Parliament of South Africa
- Long title Bill to provide for the recognition of marriages; to provide for the requirements for monogamous and polygamous marriages; to provide for designation of marriage officers; to provide for solemnisation and registration of marriages; to provide for proprietary consequences and the dissolution of marriages; to provide for offences and penalties and to provide for matters incidental thereto. ;
- Territorial extent: South Africa
- Considered by: National Assembly

Legislative history
- Bill citation: B43—2023
- Introduced by: Aaron Motsoaledi, Minister of Home Affairs
- Introduced: 13 December 2023
- Committee responsible: Home Affairs

Repeals
- Marriage Act, 1961; Recognition of Customary Marriages Act, 1998; Civil Union Act, 2006;

= Marriage Bill, 2023 =

The Marriage Bill, 2023 is a South African bill which would establish a unified marriage policy for all citizens. The bill would supersede three other existing laws regulating the solemnisation of marriage in South Africa by retaining and expanding their protections and regulations.

== Background ==
Three laws currently provide for the status of marriage in South Africa. These are the Marriage Act (Act 25 of 1961), which provides for civil or religious opposite-sex marriages; the Recognition of Customary Marriages Act (Act 120 of 1998), which provides for the civil registration of marriages solemnised according to the traditions of indigenous groups; and the Civil Union Act (Act 17 of 2006), which provides for opposite-sex and same-sex civil marriages, religious marriages and civil partnerships. A person may only be married under one of these laws at any given time. In addition, the Divorce Act (Act 70 of 1979) governs the recognition of divorce.

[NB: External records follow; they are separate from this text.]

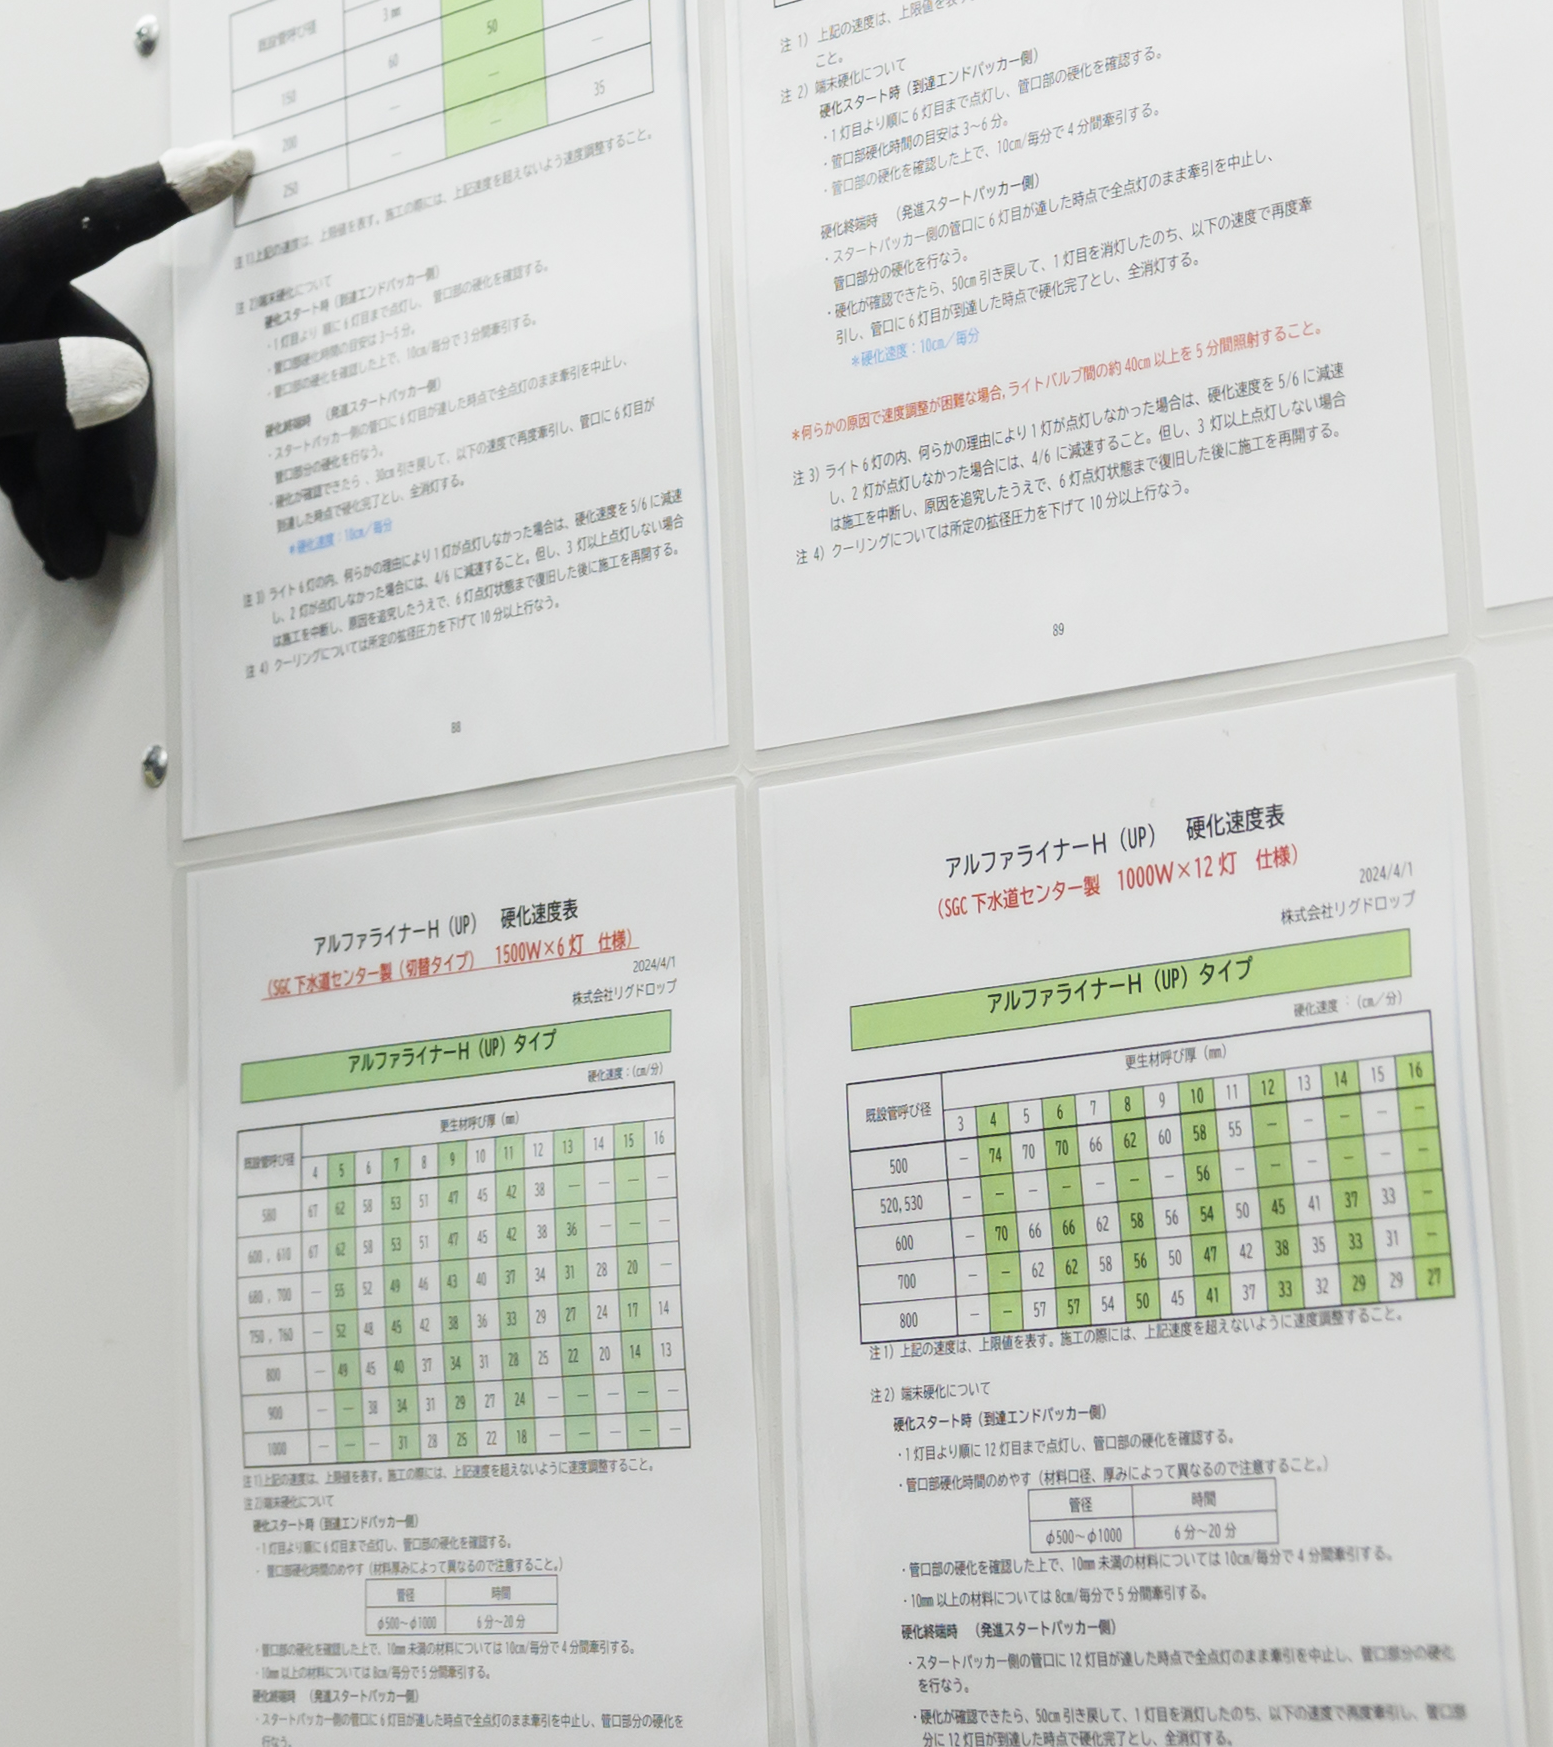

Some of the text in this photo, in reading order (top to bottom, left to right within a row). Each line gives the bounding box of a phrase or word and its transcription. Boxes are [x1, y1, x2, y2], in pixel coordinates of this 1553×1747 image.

[485, 17, 499, 36] 50
[815, 50, 844, 69] こと。
[1051, 621, 1065, 637] 89
[1185, 802, 1285, 842] 硬化速度表
[1358, 860, 1413, 885] 2024/4/1
[500, 897, 579, 930] 硬化速度表
[1279, 889, 1416, 926] 株式会社リグドロップ
[632, 955, 676, 974] 2024/4/1
[571, 977, 678, 1006] 株式会社リグドロップ
[956, 1060, 1424, 1132] 3 4 5 6 7 8 9 10 11 12 13 14 15 16
[864, 1100, 932, 1123] 既設管呼び径
[532, 1129, 665, 1158] 12 15 16
[888, 1119, 1243, 1175] 500 74 70 70 66 62 60 58 55
[1195, 1163, 1211, 1183] 56
[894, 1186, 1397, 1252] 600 70 66 66 62 58 56 54 50 45 41 37 33
[896, 1272, 917, 1290] 700
[898, 1310, 919, 1329] 800
[1068, 1489, 1217, 1514] 管径 時間

In October 2020, the Department of Home Affairs confirmed plans to introduce a new draft marriage policy in South Africa, reconciling the diverse marriage laws into a single piece of legislation "that will enable South Africans of different sexual orientation, religious and cultural persuasions to conclude legal marriages", but indicated that the process had been delayed due to the COVID-19 pandemic. In January 2021, the South African Law Reform Commission issued a 300-page discussion paper, offering a number of proposals and alternatives. The commission called for public comments on its discussion paper. The proposed changes include reforms introducing a default property system, as spouses who have not entered into a formal marriage have no statutory rights to share in property which was amassed during the relationship, as well as the legalisation of polyandry.

In addition, on 28 June 2022 in the case Women's Legal Centre Trust v President (2022), the Constitutional Court handed down an order that declared the Marriage Act and the Divorce Act inconsistent with sections 9, 10, 28 and 34 of the Constitution due to their failure to recognize marriages solemnised under sharia. The declaration of constitutional invalidity was suspended for 24 months to allow Parliament to amend both laws. On 27 June 2024, the Court extended the stay of the declaration to 27 June 2026. Parliament filed a brief supporting the stay, asking for time for newly-elected members after the 2024 South African general election to familiarize themselves with the Marriage Bill, as well as seek more input on the bill from Muslim and other minority communities. The stay was affirmed on 18 September 2024.

== Legislative history ==
A draft bill was approved by the Cabinet, and published in the Government Gazette on 7 July 2023. The period for written submission was open until 31 August 2023. The bill was tabled in Parliament in December 2023, and was originally going to be open for public comments until 17 May 2024. As of March 2025, the bill was still in the public hearings phase.